> [Exercise goal]: Restate word for word all of the lines below, with each image left out.

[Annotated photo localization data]
Start of Block

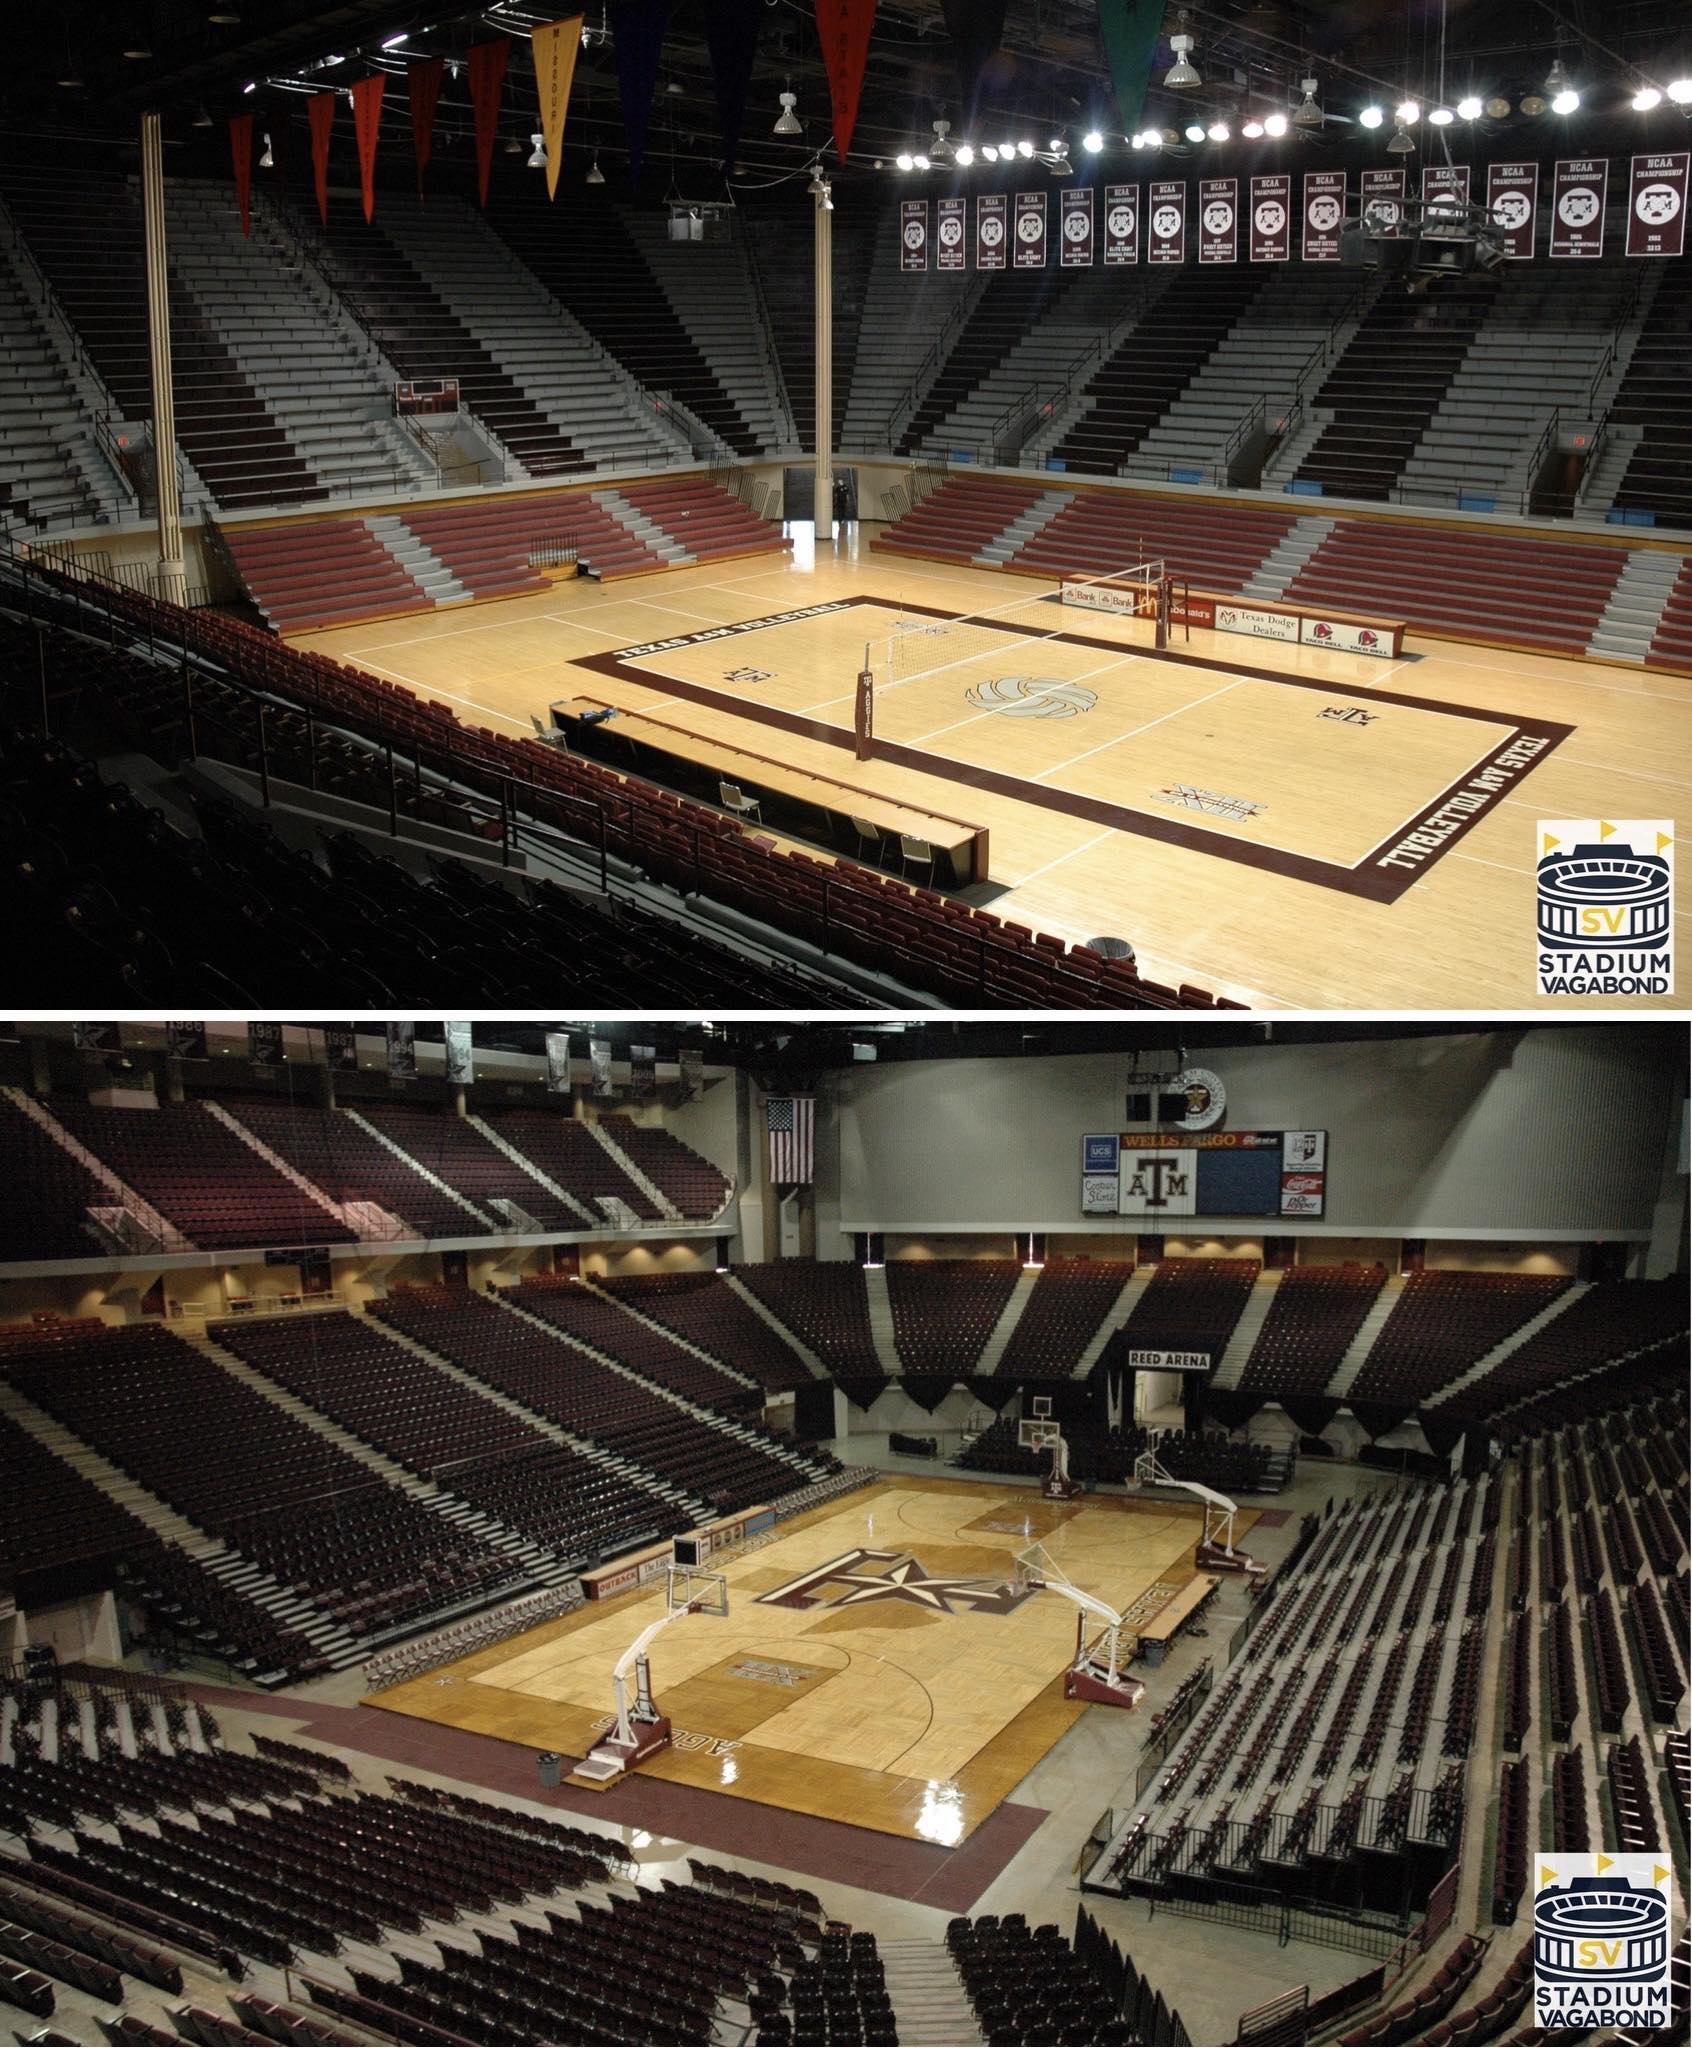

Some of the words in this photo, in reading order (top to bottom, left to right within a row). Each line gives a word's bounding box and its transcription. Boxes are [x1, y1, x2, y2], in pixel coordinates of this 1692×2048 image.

[1569, 163, 1594, 172] NCAA
[1647, 157, 1673, 168] NCAA
[1501, 166, 1524, 176] NCAA
[1636, 169, 1683, 178] CHAMPIONSHIP
[1315, 176, 1334, 184] NCAA
[1373, 173, 1393, 182] NCAA
[1559, 173, 1602, 181] CHAMPIONSHIP
[1077, 591, 1096, 601] Bank
[1113, 596, 1133, 607] Bank
[1240, 611, 1266, 626] Texas
[1268, 615, 1296, 628] Dodge
[612, 638, 690, 659] TEXAS
[731, 602, 851, 631] VOLLEYBALL
[1252, 624, 1285, 638] Dealers
[1305, 637, 1324, 646] TACO
[1350, 645, 1369, 653] TACO
[1493, 735, 1551, 769] TEXAS
[1468, 766, 1514, 792] A&M
[1376, 790, 1491, 870] VOLLEYBALL
[1125, 1135, 1180, 1147] WELLS
[1091, 1146, 1111, 1156] UCS
[1131, 1353, 1161, 1364] REED
[1166, 1354, 1207, 1367] ARENA
[600, 1570, 637, 1592] OUTBACK
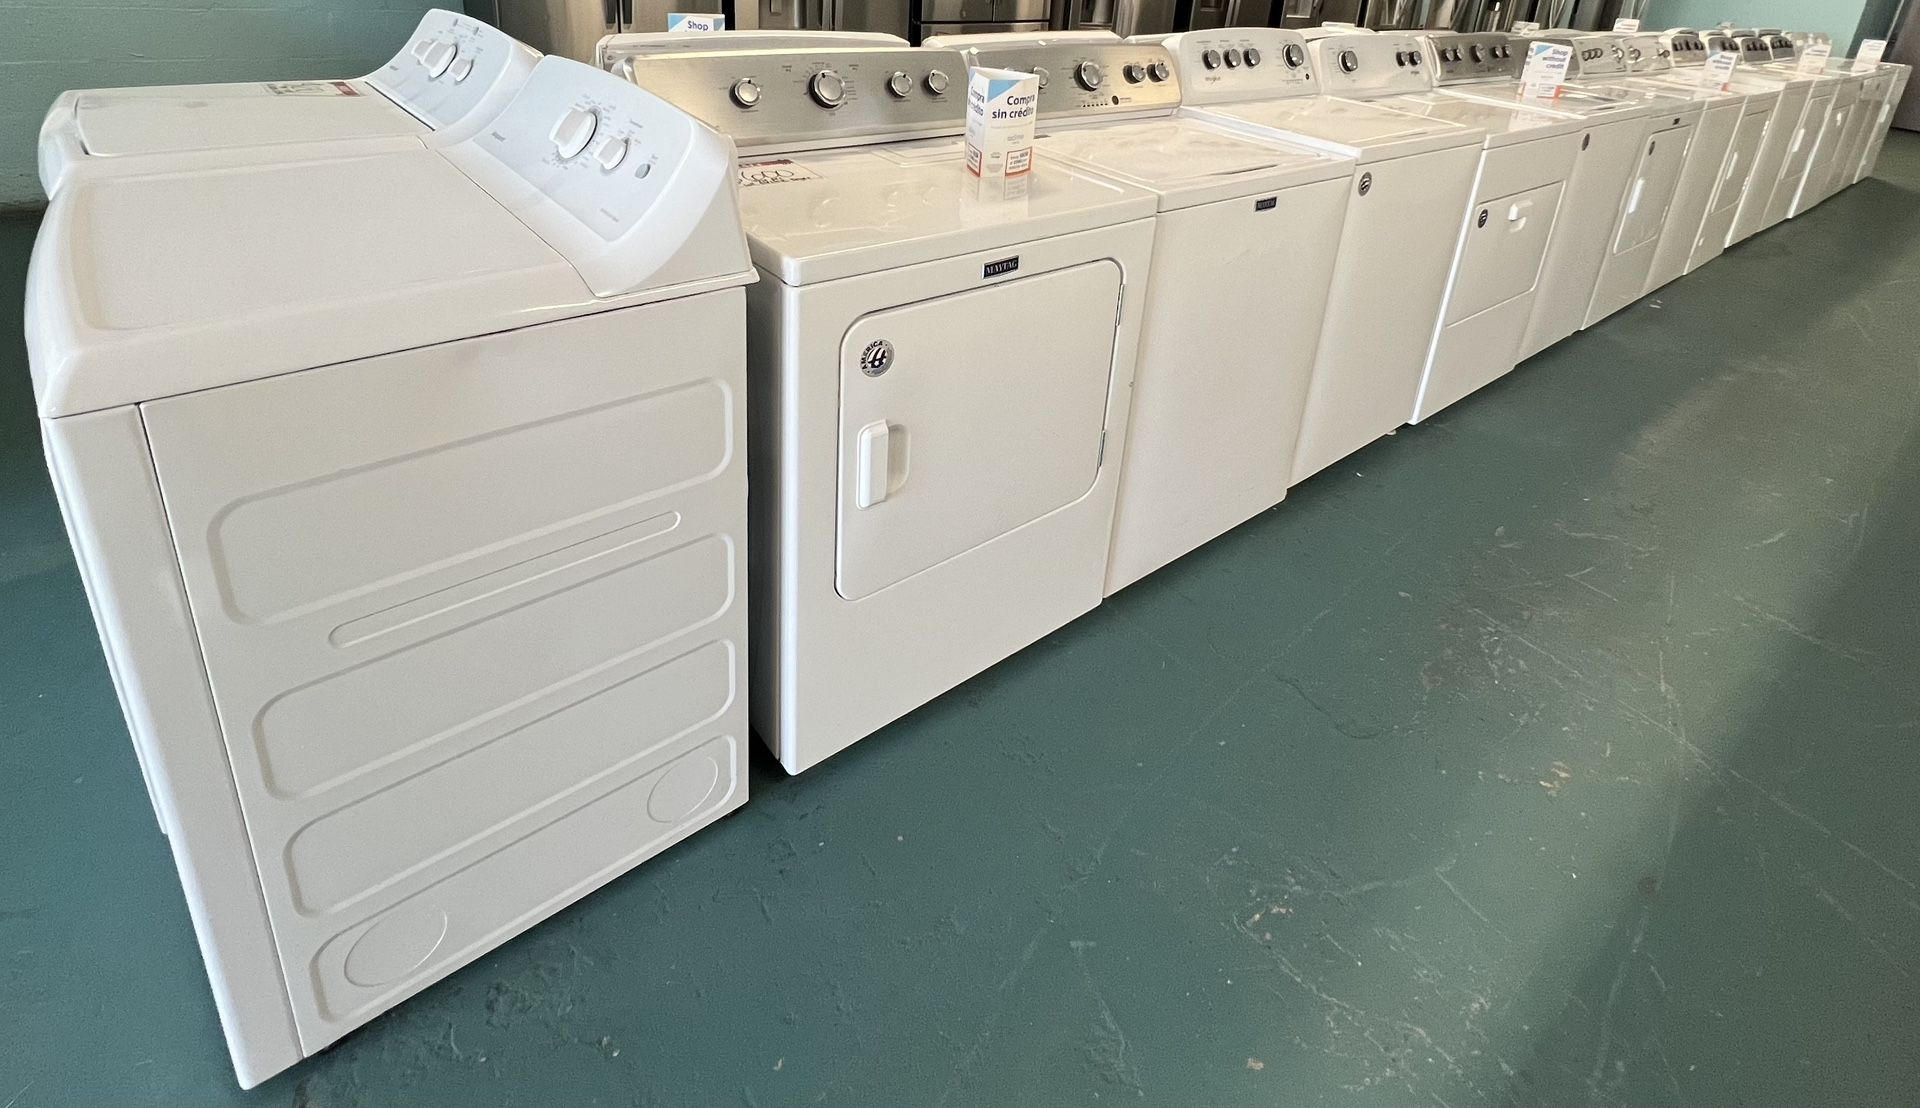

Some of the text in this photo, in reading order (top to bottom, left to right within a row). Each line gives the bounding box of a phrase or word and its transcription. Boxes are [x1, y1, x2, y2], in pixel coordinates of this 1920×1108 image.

[688, 20, 708, 31] Shop
[992, 108, 1007, 119] sin
[986, 260, 1017, 274] MAYTAG
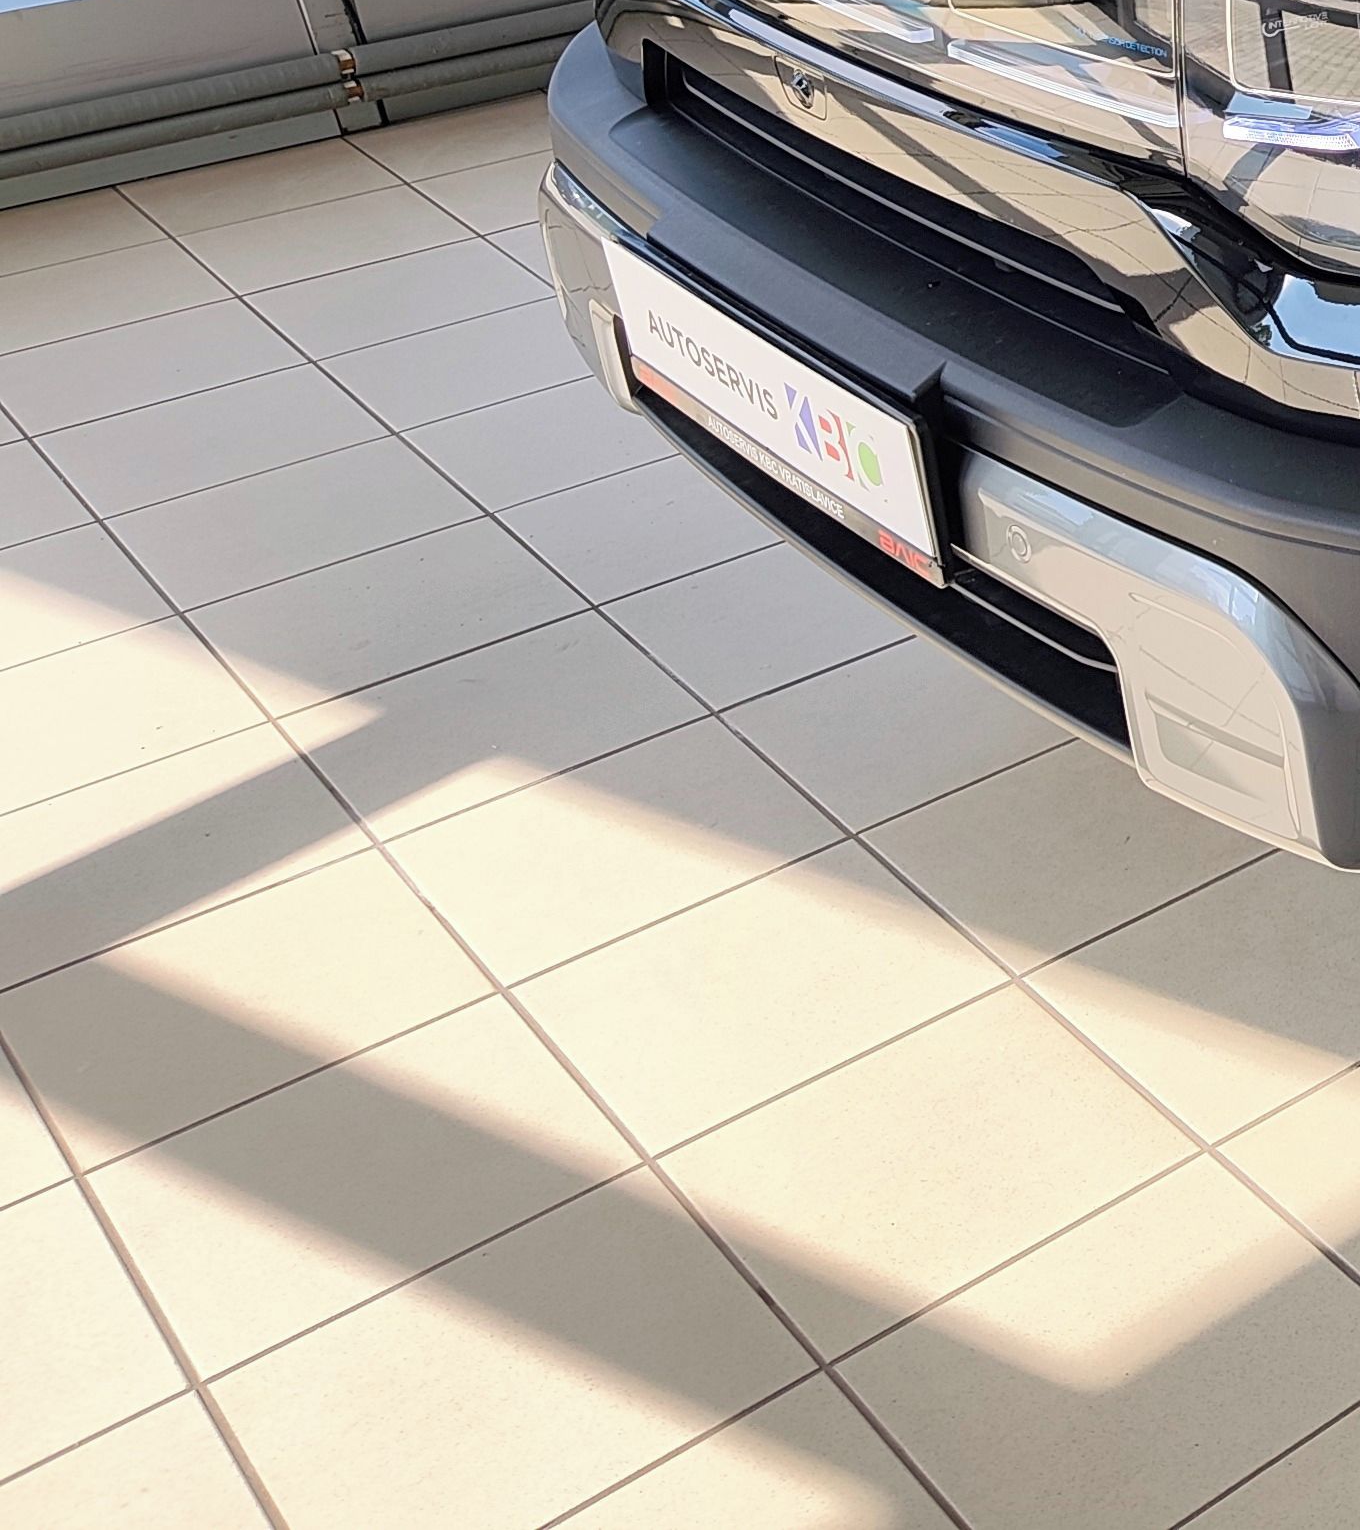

End of Block

> [Answer box]:
Some of the words in this photo, in reading order (top to bottom, left to right within a row). Each line gives a word's bounding box and its transcription. Boxes are [x1, y1, x2, y2], in pixel coordinates of this 1692×2048 image.

[1569, 163, 1594, 172] NCAA
[1647, 157, 1673, 168] NCAA
[1501, 166, 1524, 176] NCAA
[1636, 169, 1683, 178] CHAMPIONSHIP
[1315, 176, 1334, 184] NCAA
[1373, 173, 1393, 182] NCAA
[1559, 173, 1602, 181] CHAMPIONSHIP
[1077, 591, 1096, 601] Bank
[1113, 596, 1133, 607] Bank
[1240, 611, 1266, 626] Texas
[1268, 615, 1296, 628] Dodge
[612, 638, 690, 659] TEXAS
[731, 602, 851, 631] VOLLEYBALL
[1252, 624, 1285, 638] Dealers
[1305, 637, 1324, 646] TACO
[1350, 645, 1369, 653] TACO
[1493, 735, 1551, 769] TEXAS
[1468, 766, 1514, 792] A&M
[1376, 790, 1491, 870] VOLLEYBALL
[1125, 1135, 1180, 1147] WELLS
[1091, 1146, 1111, 1156] UCS
[1131, 1353, 1161, 1364] REED
[1166, 1354, 1207, 1367] ARENA
[600, 1570, 637, 1592] OUTBACK

Some of the text in this photo, in reading order (top to bottom, left to right within a row). Each line gives the bounding box of a phrase or word and its transcription. Boxes are [x1, y1, x2, y2], in pixel coordinates of this 1920×1108 image.

[688, 20, 708, 31] Shop
[992, 108, 1007, 119] sin
[986, 260, 1017, 274] MAYTAG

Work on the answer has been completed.